Australia routed Jordan, 4-0, overnight in World Cup qualifying at Melbourne's Etihad Stadium. Nine of the 14 players who featured for the Socceroos have spent part of at least one season in the A-League, including four currently employed in Australia's top flight.
Lucas Neill (Sydney FC) and Mark Milligan (Melbourne Victory) started and played all 90 minutes for the Socceroos while Archie Thompson (Victory) and Dario Vidošić (Adelaide United) were second-half substitutes. A-League alumni included starters Saša Ognenovski (Queensland Roar, Adelaide), Robbie Kruse (Brisbane Roar, Victory), Tommy Oar (Brisbane) and Matt McKay (Brisbane) with Tom Rogić (Central Coast Mariners) coming off the bench.
Kruse had perhaps the best outing of the A-League alumni, netting a 76th-minute goal and assisting on two others, solidifying his role in the Socceroos side that is approaching a generational change.
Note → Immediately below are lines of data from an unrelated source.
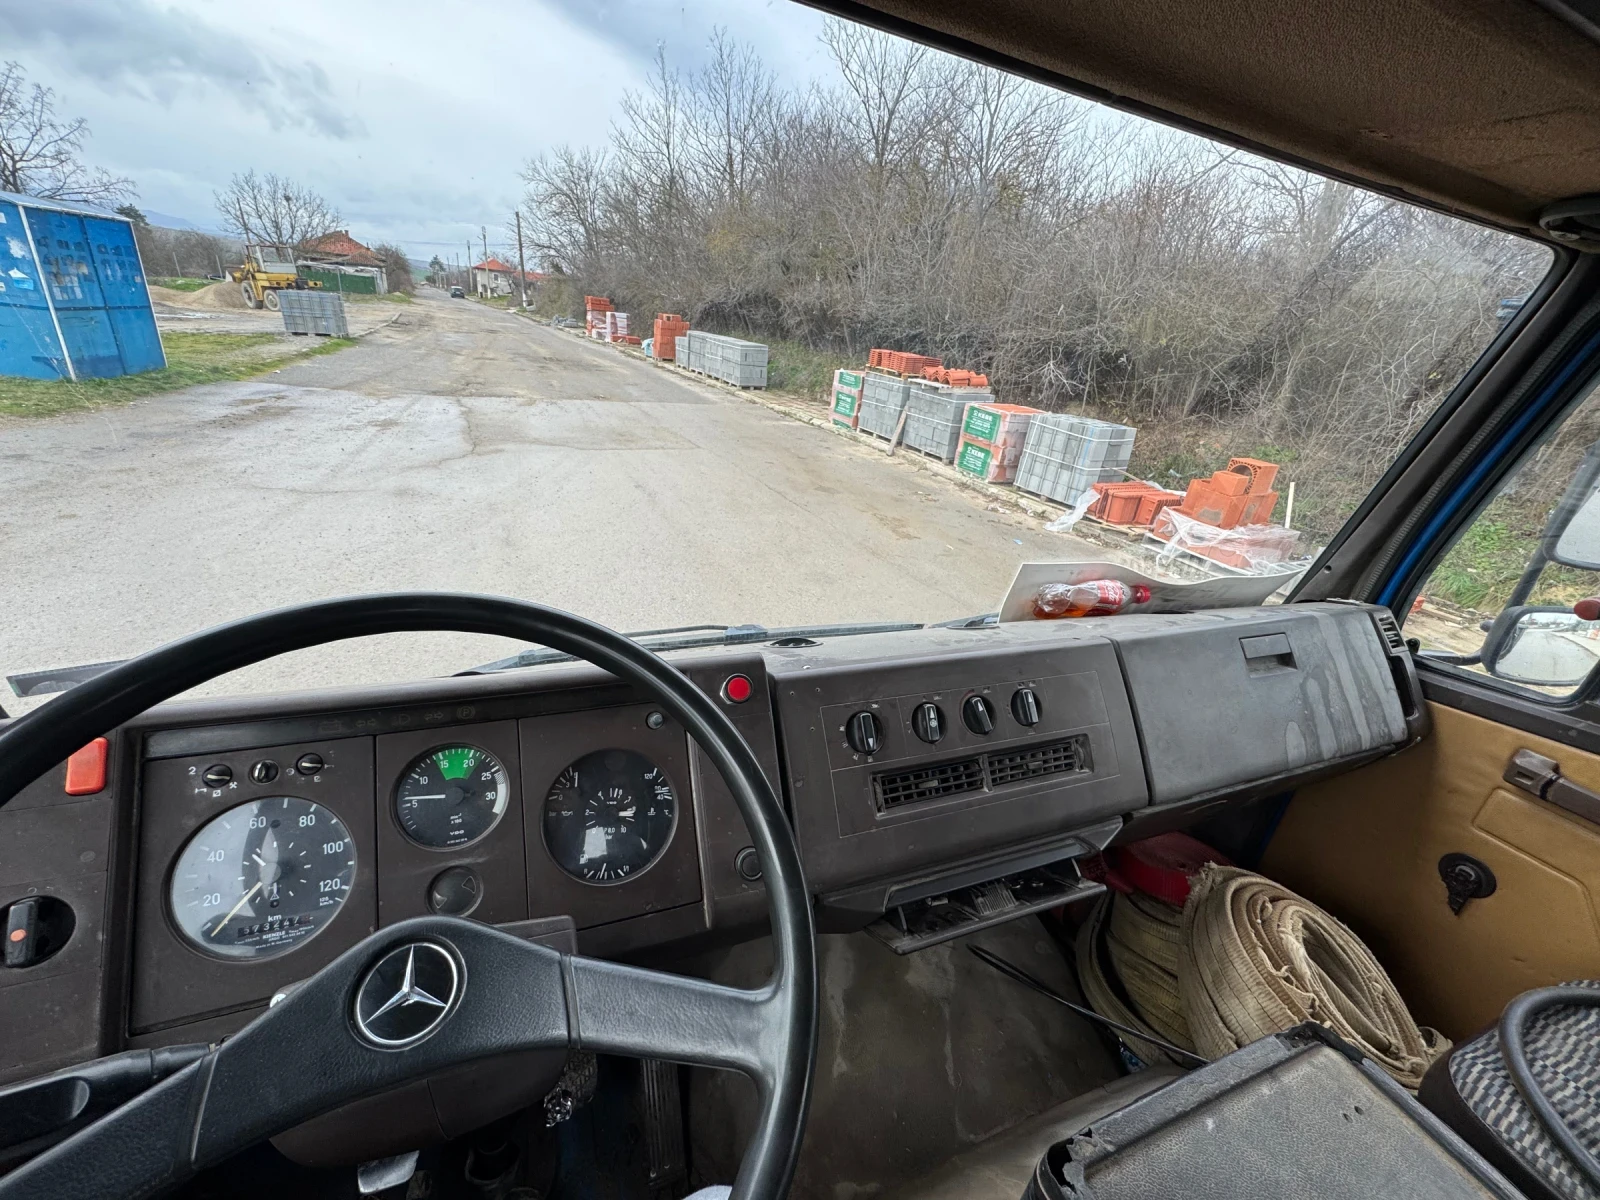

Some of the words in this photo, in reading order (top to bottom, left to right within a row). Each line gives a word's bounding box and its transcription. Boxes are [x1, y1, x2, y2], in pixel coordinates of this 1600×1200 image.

[440, 760, 449, 768] 15
[463, 759, 475, 767] 20
[188, 766, 196, 775] 2
[419, 776, 429, 784] 10
[481, 772, 492, 780] 25
[485, 792, 496, 800] 30
[412, 800, 418, 808] 5
[250, 816, 267, 829] 60
[299, 814, 316, 827] 80
[323, 841, 344, 855] 100
[207, 850, 225, 863] 40
[319, 878, 341, 892] 120
[203, 893, 221, 907] 20
[267, 914, 282, 922] km
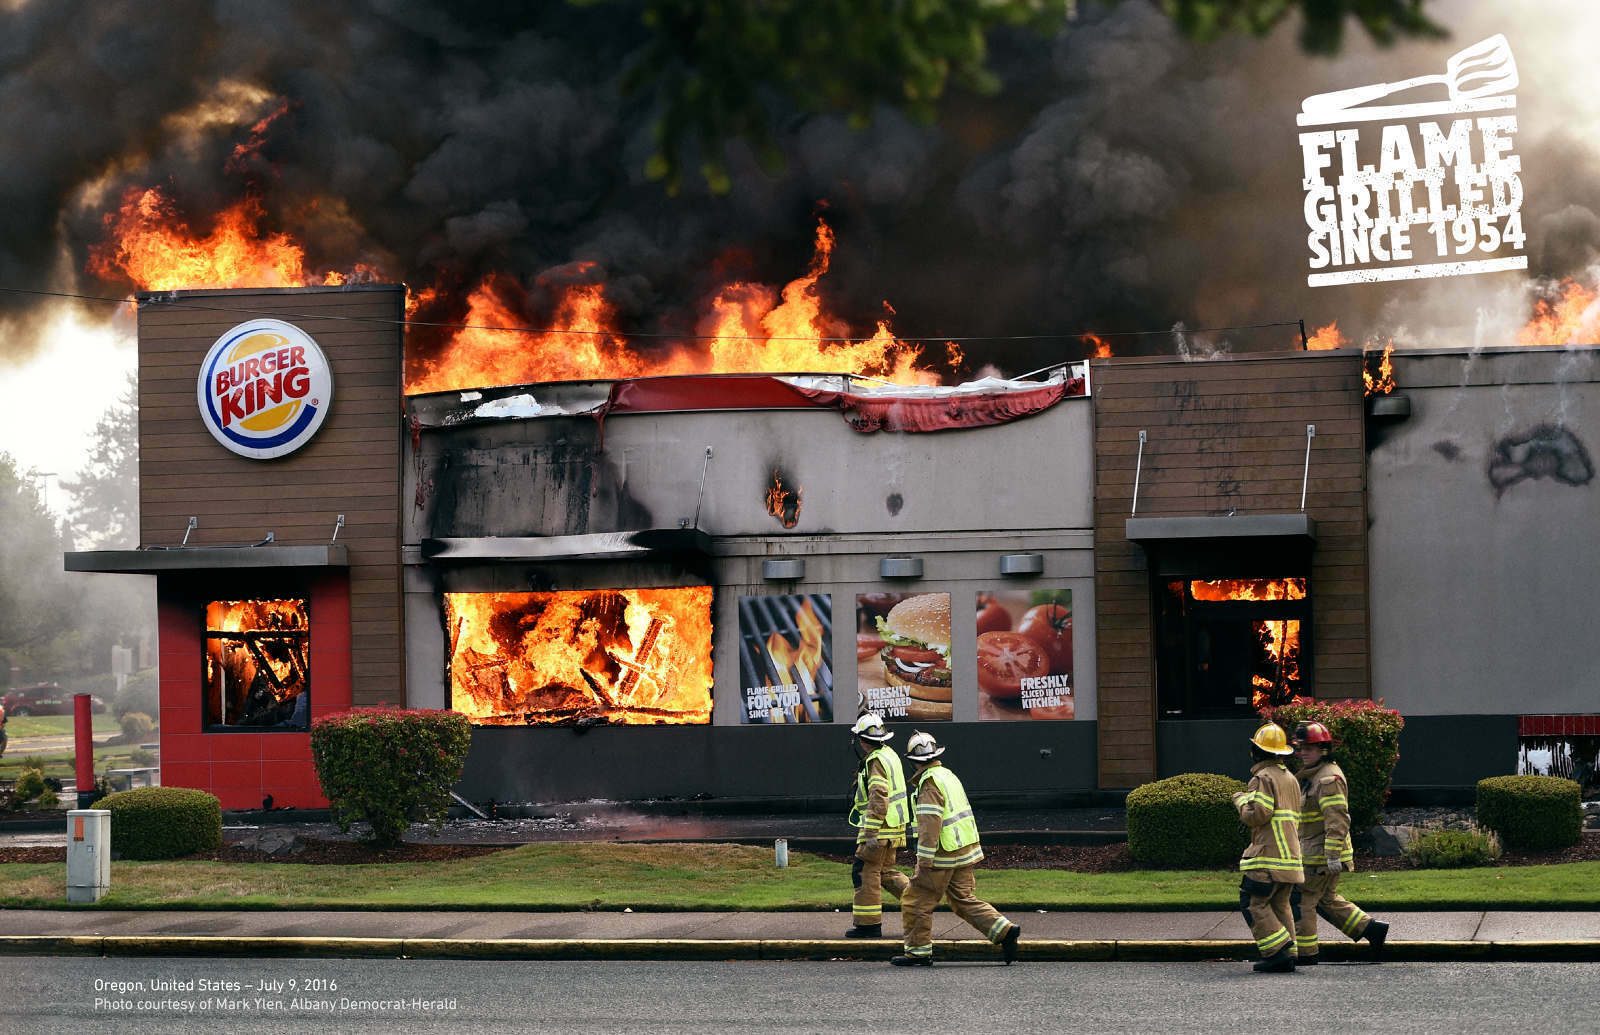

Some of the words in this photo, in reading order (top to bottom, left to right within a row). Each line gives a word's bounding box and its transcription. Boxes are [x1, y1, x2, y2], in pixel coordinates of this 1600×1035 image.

[216, 346, 306, 397] BURGER
[220, 366, 310, 428] KING
[1020, 675, 1068, 690] FRESHLY
[867, 685, 911, 700] FRESHLY
[1021, 690, 1044, 699] SLICED
[1045, 688, 1054, 697] IN
[1054, 687, 1070, 695] OUR
[747, 694, 772, 710] FOR
[868, 696, 912, 709] PREPARED
[1021, 696, 1064, 709] KITCHEN.
[748, 709, 769, 719] SINCE
[887, 706, 909, 717] YOU.
Six of Australia's starters last night are at least 32 years old, four of whom are already over 34. Though there is tremendous amount of goodwill toward this generation, including Thompson, Tim Cahill, Mark Schwarzer and Mark Bresciano, their Socerroos careers are much closer to the end than their prime.
With the A-League's inaugural season only in 2005, the elder generation of Socceroos did not have the same chance to come up through a high-level domestic league like the younger group has enjoyed. McKay (30), Vidošić (26), Kruse (24), Oar (21) and Rogić (20) each developed in the A-League before moving overseas (though Vidošić did return from four years in Germany), as have many of the current Socceroos who will lead Australia through its next World Cup qualifying campaign. Indeed, 16 of the 21 members of the Young Socceroos' U20 World Cup roster were on the books at A-League clubs in 2012/13.
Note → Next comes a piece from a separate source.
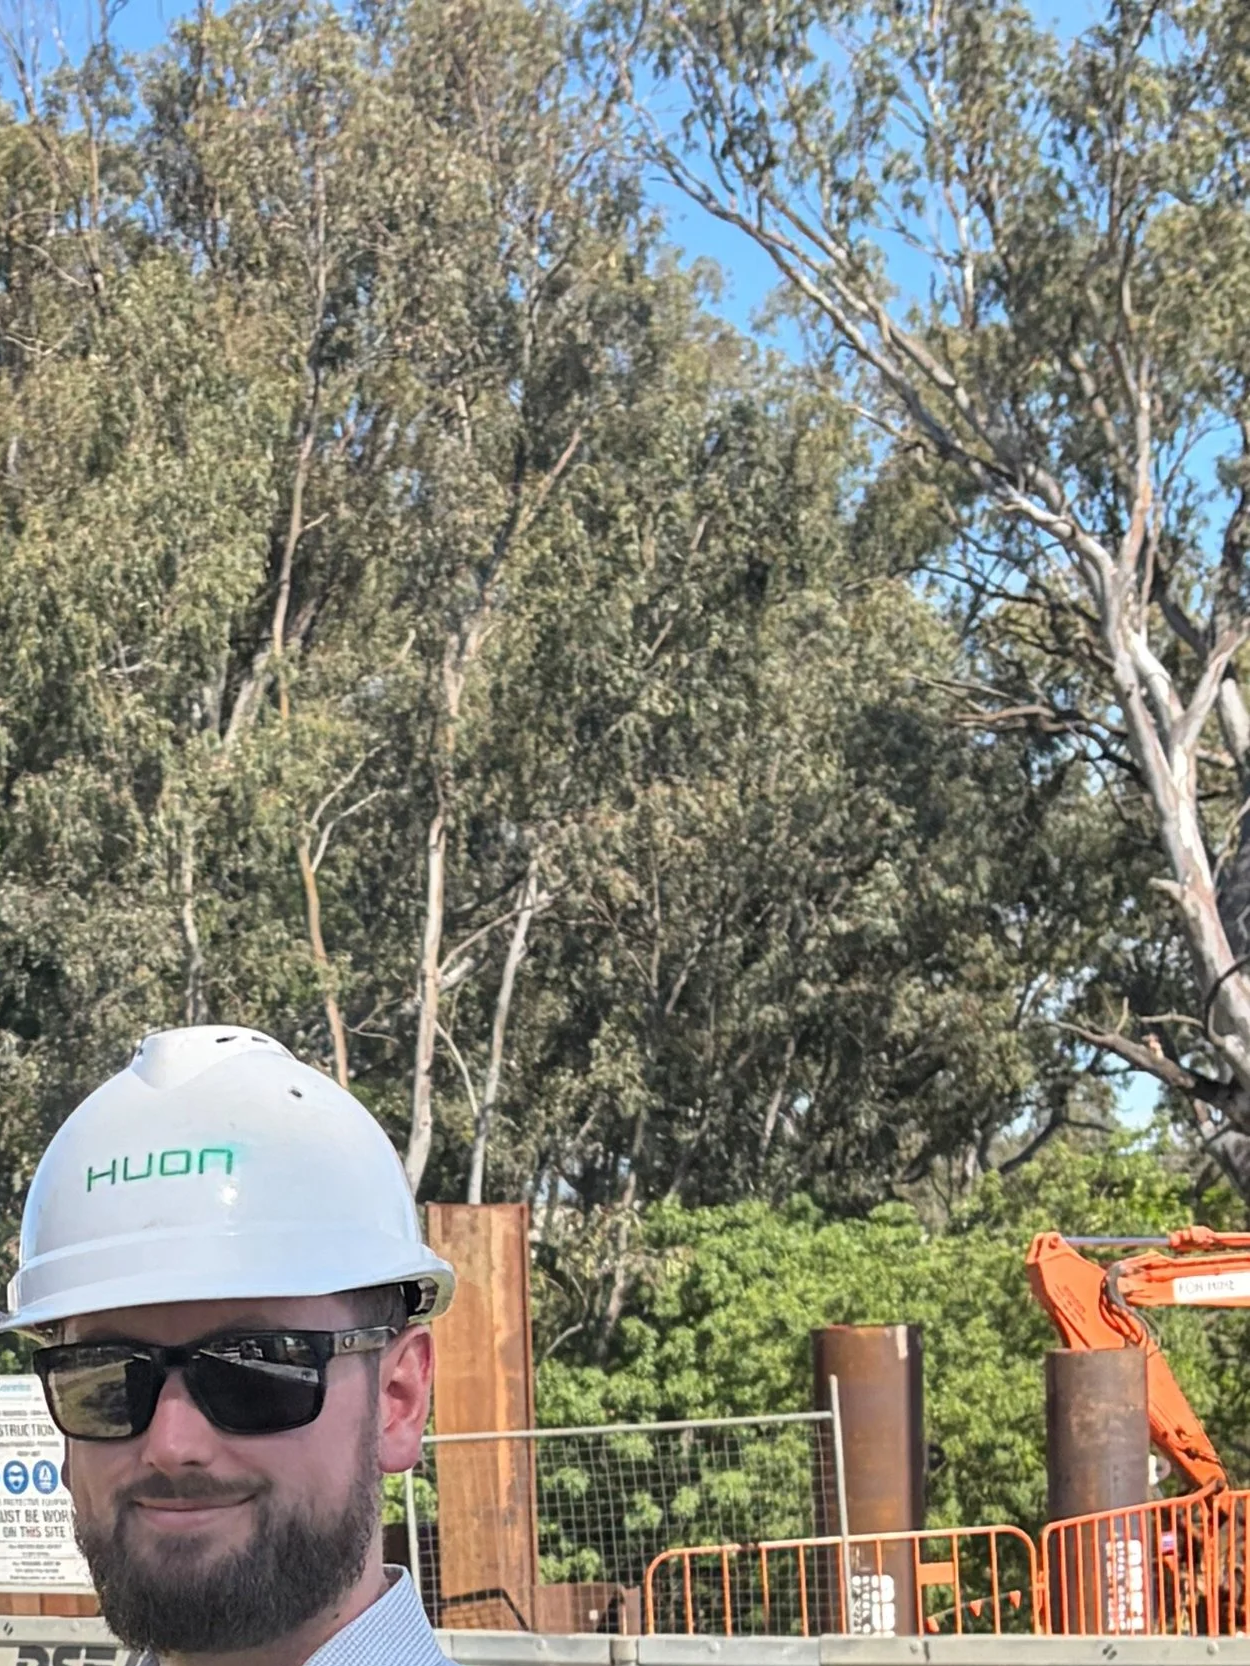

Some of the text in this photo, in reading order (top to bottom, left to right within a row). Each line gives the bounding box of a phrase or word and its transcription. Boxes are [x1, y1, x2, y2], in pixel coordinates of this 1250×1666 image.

[24, 1509, 39, 1523] BE
[42, 1509, 71, 1523] WOR
[2, 1526, 66, 1538] ON THIS SITE
In the 2010 World Cup opener against Germany, just two Socceroo starters had A-League experience (Craig Moore and Jason Čulina) and only Čulina was active in the league at that time. None of this information is particularly new, but with each passing A-League season, the role the league plays in building the national team becomes more clear as well as in raising the standard of Australian footballers, no matter where they eventually ply their trade.